Dr. Daron Ferris first American honored with Penn Nursing award for global women’s health
Of course, there really are no boundaries to the impact of you and MCG. This week it was announced that Dr. Daron Ferris, who came to us in 1988 as director of the Student Health Service, quickly became coordinator of the colposcopy clinic in family medicine and is now a professor in the Department of Obstetrics and Gynecology, is being honored for his contributions to global women’s health. He will be honored April 23 as the first American to win the Renfield Foundation Award for Global Women’s Health from the University of Pennsylvania School of Nursing, since the award was established in 2012. Dr. Ferris was an early leader in trials of the HPV vaccines to protect women by preventing cervical cancer in this country. Peru has one of the world’s highest rates of cervical cancer, and in 2008 Ferris founded CerviCusco to help meet the clearly unmet screening, diagnosis and treatment needs of these women. “His innovative approach to establishing health care access for underserved women, establishing international partnerships with nurses and other interdisciplinary colleagues, and building community capacity to improve the lives of women make him — and CerviCusco — exemplary recipients of the Penn Renfield Foundation Award winner,” says Penn Nursing Dean Dr. Antonia Villarruel. I say, I agree. Thank you Dr. Ferris. 

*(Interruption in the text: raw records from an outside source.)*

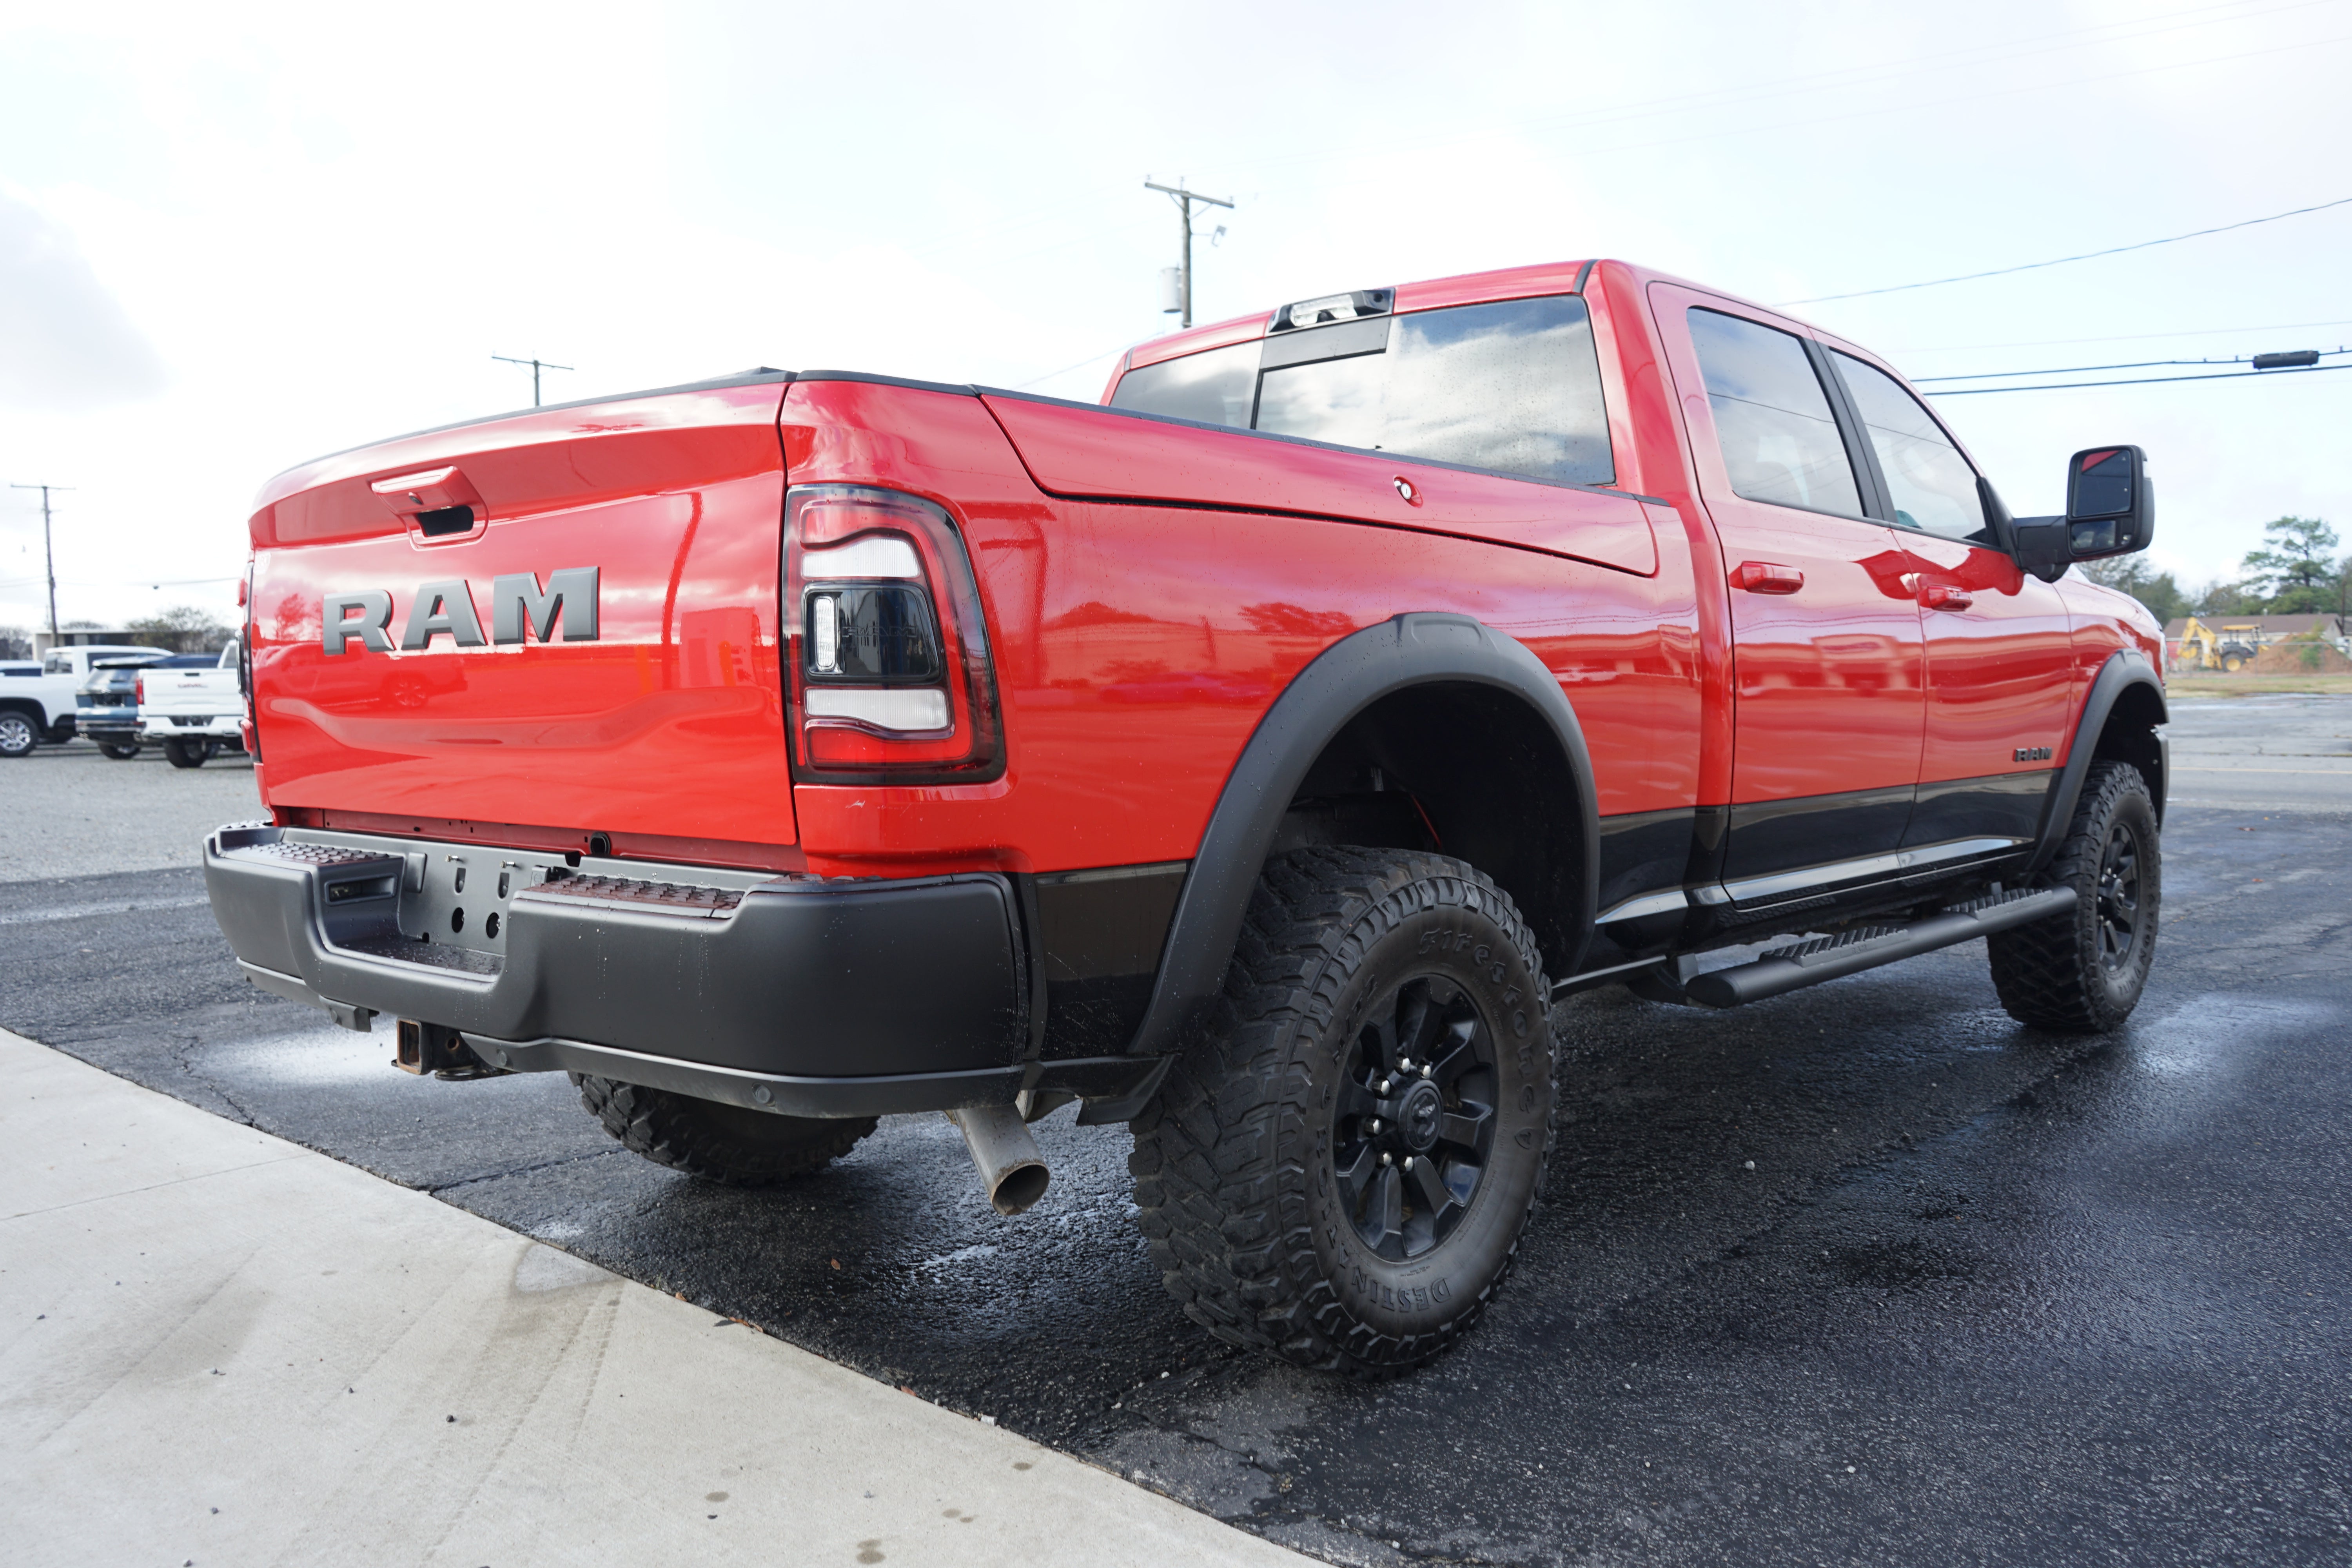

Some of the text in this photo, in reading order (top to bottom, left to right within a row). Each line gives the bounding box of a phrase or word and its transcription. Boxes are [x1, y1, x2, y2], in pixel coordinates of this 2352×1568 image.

[323, 566, 601, 655] RAM
[842, 626, 917, 638] RAM
[2014, 746, 2052, 762] RAM
[1418, 927, 1535, 1114] Firestone
[1316, 1125, 1453, 1313] DESTINATION

Cardiovascular research fund for students established to honor Dr. Ranita Donald
Finally today, we belatedly note the unexpected passing of Dr. Ranita Donald, a 20-year faculty member in our Department of Anesthesiology and Perioperative Medicine, on December 24. Dr. Donald was a dedicated, prolific educator who directed the anesthesia clerkship program for more than a dozen years, a longtime member of the department’s Education Committee and director of its Journal Club. She was a mentor to many students and residents, helped with resident selection for our training program and with mock oral board exams to help ensure they were ready to practice. She was also a prolific volunteer, most recently with Habitat for Humanity International, the National Wildlife Federation and Augusta chapters of the American Red Cross and Asian Indian Christian Mission. The department held a memorial service for her earlier this month and to honor her further has established a fund that will enable medical students to present their cardiovascular research locally, regionally and beyond. You can help by visiting the MCG Foundation. Our thoughts are with Dr. Donald’s family, friends and colleagues.

Upcoming Events

Feb. 13 – MCG Faculty Senate meeting, noon, Lee Auditorium.

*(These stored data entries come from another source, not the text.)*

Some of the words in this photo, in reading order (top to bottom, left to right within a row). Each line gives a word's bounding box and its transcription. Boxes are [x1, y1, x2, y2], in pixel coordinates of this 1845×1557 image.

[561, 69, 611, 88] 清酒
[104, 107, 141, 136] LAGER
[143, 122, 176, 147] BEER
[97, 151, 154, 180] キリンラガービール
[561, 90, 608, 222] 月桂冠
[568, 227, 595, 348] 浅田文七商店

March 19 – MCG Faculty Senate meeting, noon, Lee Auditorium.

March 20 – Match Day, noon, The Miller Theater, 708 Broad St.

April 17 – The Raft Debate, the annual fun, educational deliberation of which type of doctor should get the only raft on a sinking ship, sponsored by the MCG Alumni Association, 6:30 p.m., Harrison Commons.

April 29 – MCG Faculty Senate Awards, 5:30-7:30 p.m., Lee Auditorium.

May 7 – Hooding, 2 p.m., Bell Auditorium. Reception follows in the Old Medical College building on Telfair Street.